What you should do -> Images are to be left out when the records below are printed word for word.

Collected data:
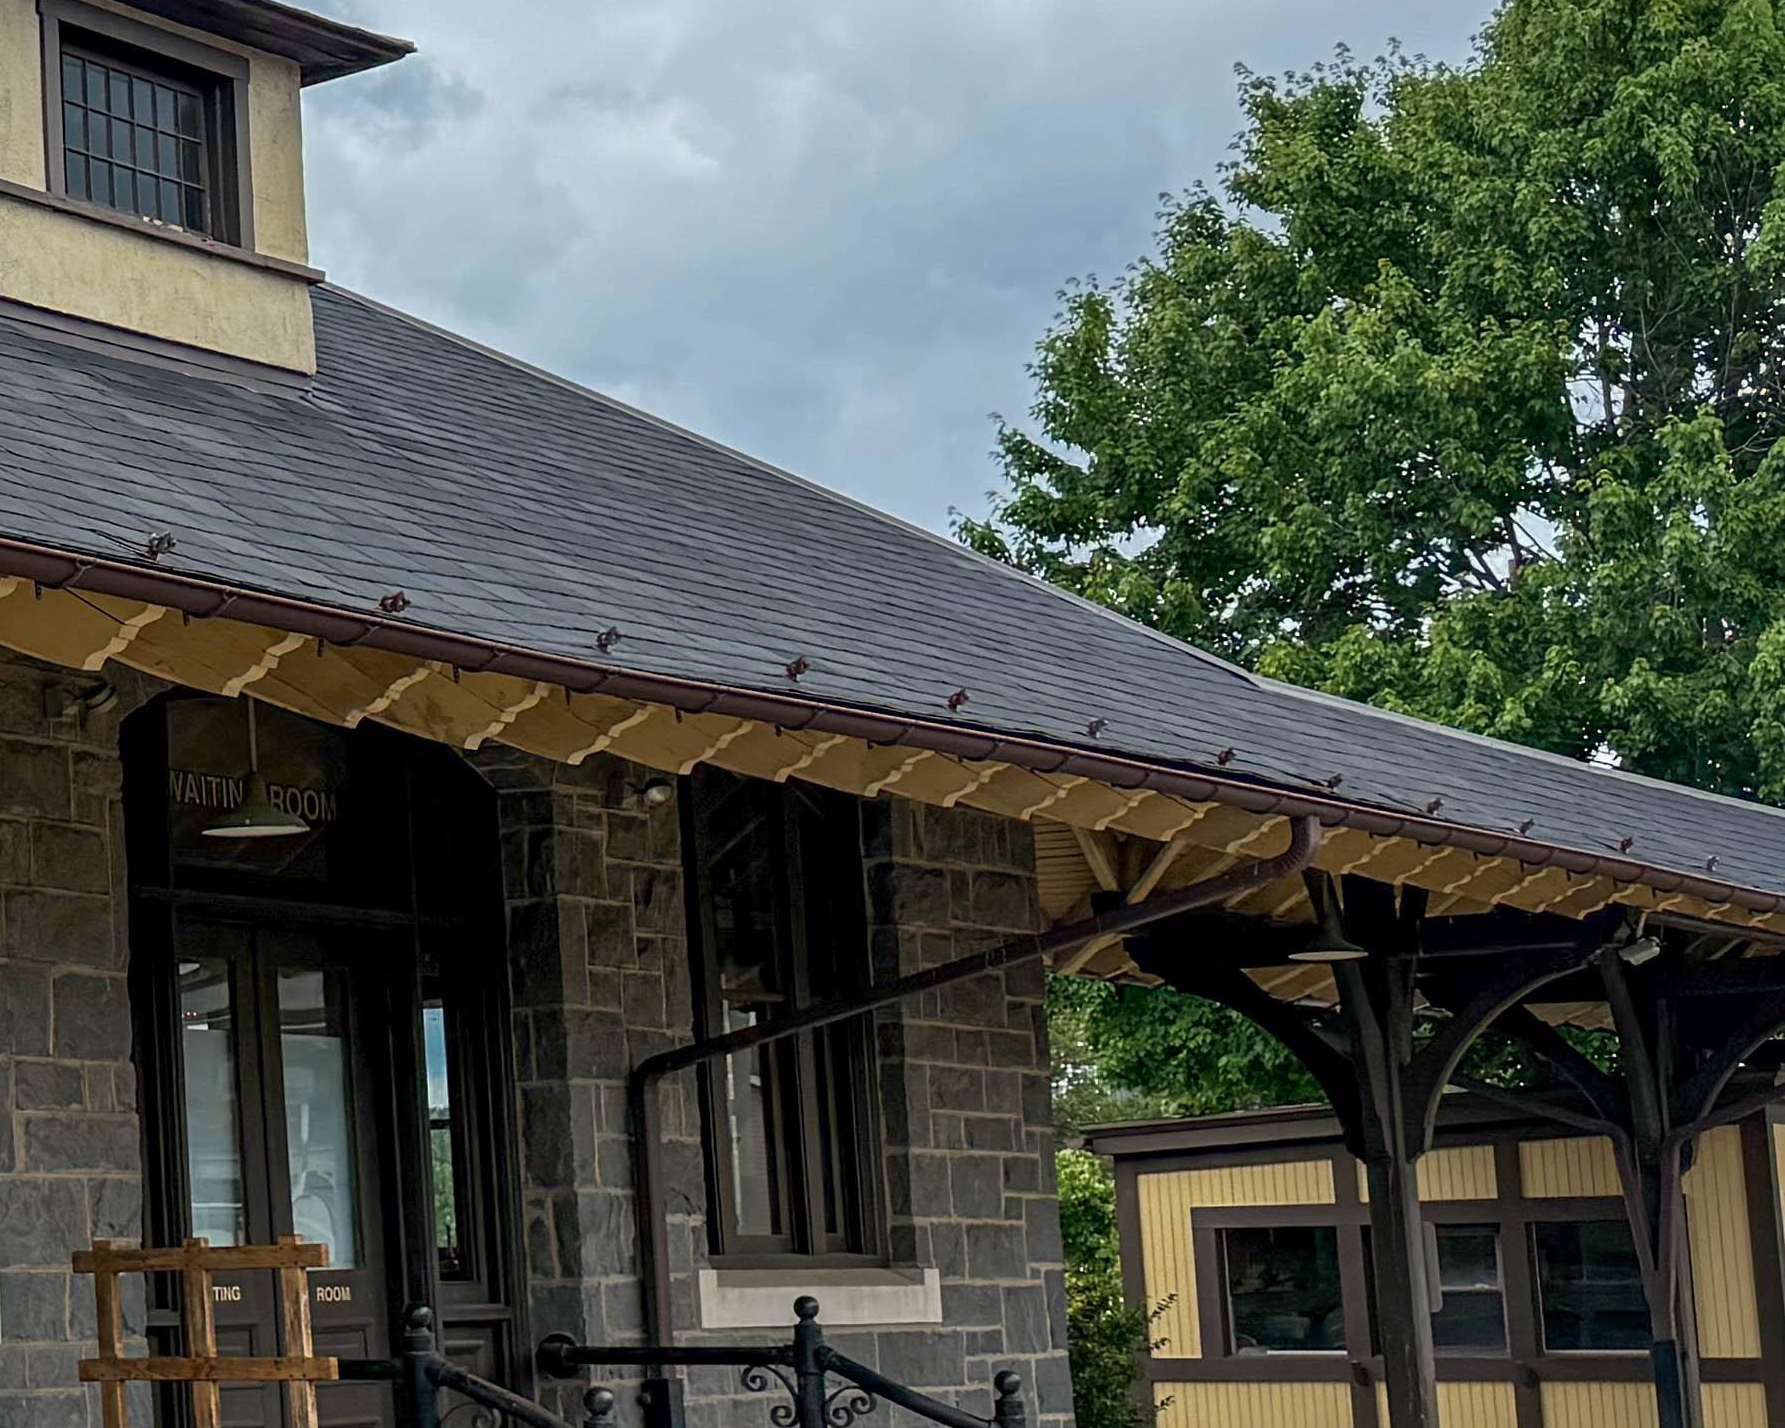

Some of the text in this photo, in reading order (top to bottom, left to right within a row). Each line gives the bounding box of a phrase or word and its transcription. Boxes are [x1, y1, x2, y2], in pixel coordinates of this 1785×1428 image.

[169, 770, 337, 821] WAITIN ROOM
[212, 1285, 351, 1302] TING ROOM
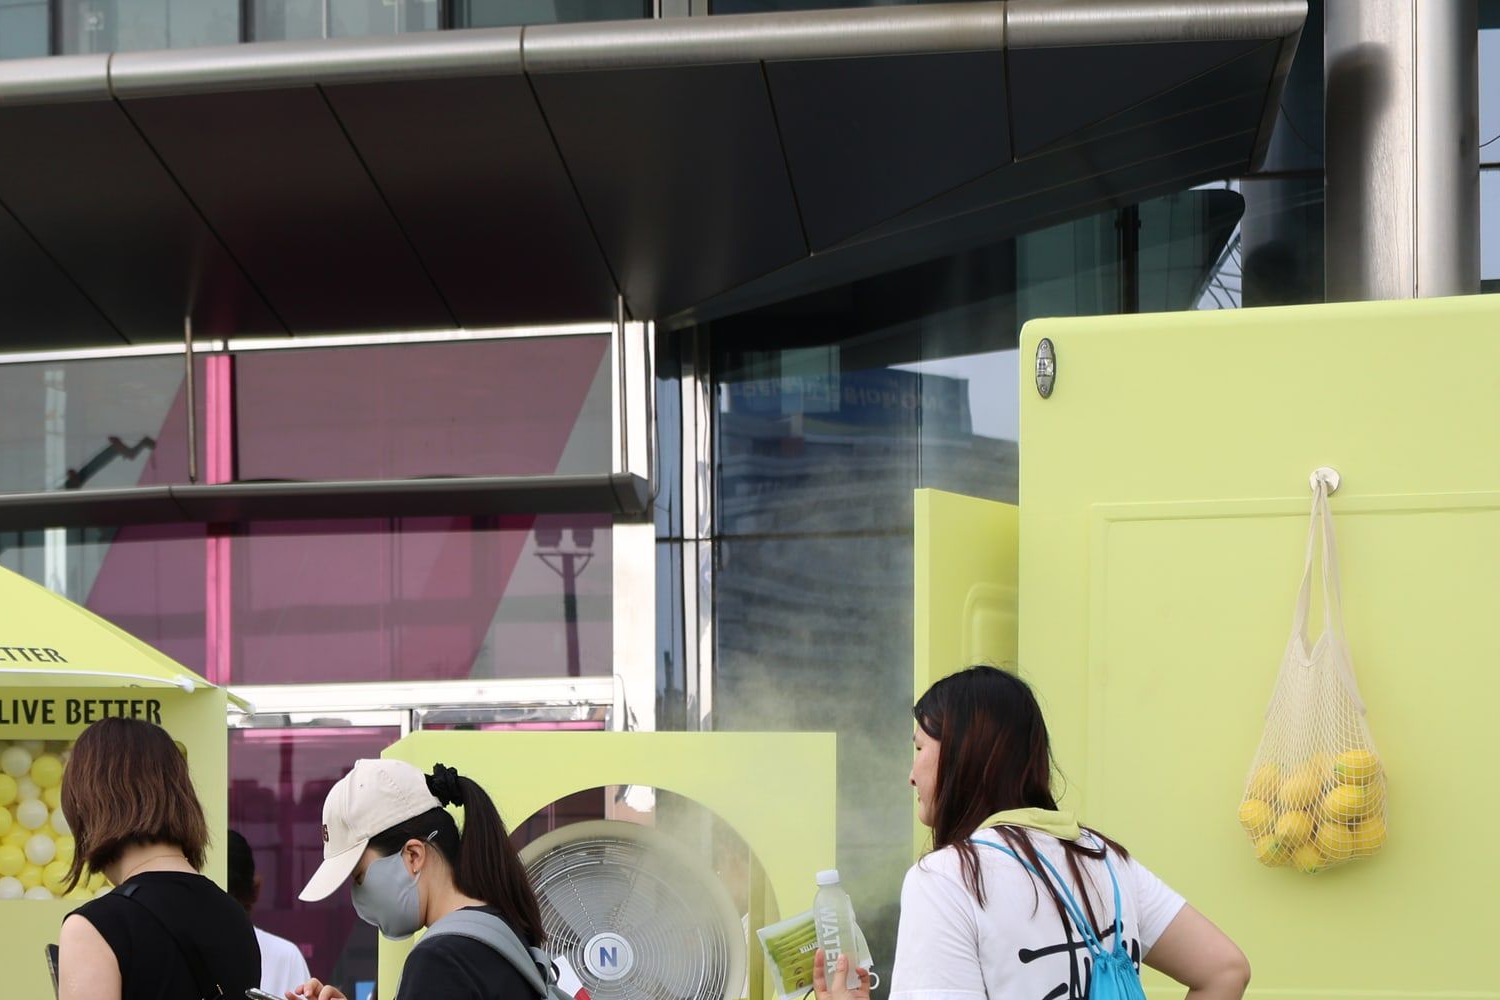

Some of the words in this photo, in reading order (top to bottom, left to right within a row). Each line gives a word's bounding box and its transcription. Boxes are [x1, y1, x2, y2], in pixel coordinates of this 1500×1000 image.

[66, 699, 162, 725] BETTER
[820, 908, 842, 973] WATER
[599, 946, 618, 968] N

Solution to this exercise ->
Some of the text in this photo, in reading order (top to bottom, left to right within a row). Each line gives the bounding box of a phrase or word and its transcription. Boxes are [x1, y1, x2, y2], in pixel coordinates of this 1785×1428 image.

[169, 770, 337, 821] WAITIN ROOM
[212, 1285, 351, 1302] TING ROOM

Some of the words in this photo, in reading order (top to bottom, left to right within a row). Each line gives a word's bounding box and its transcription. Boxes are [x1, y1, x2, y2], in pixel coordinates of this 1500×1000 image.

[66, 699, 162, 725] BETTER
[820, 908, 842, 973] WATER
[599, 946, 618, 968] N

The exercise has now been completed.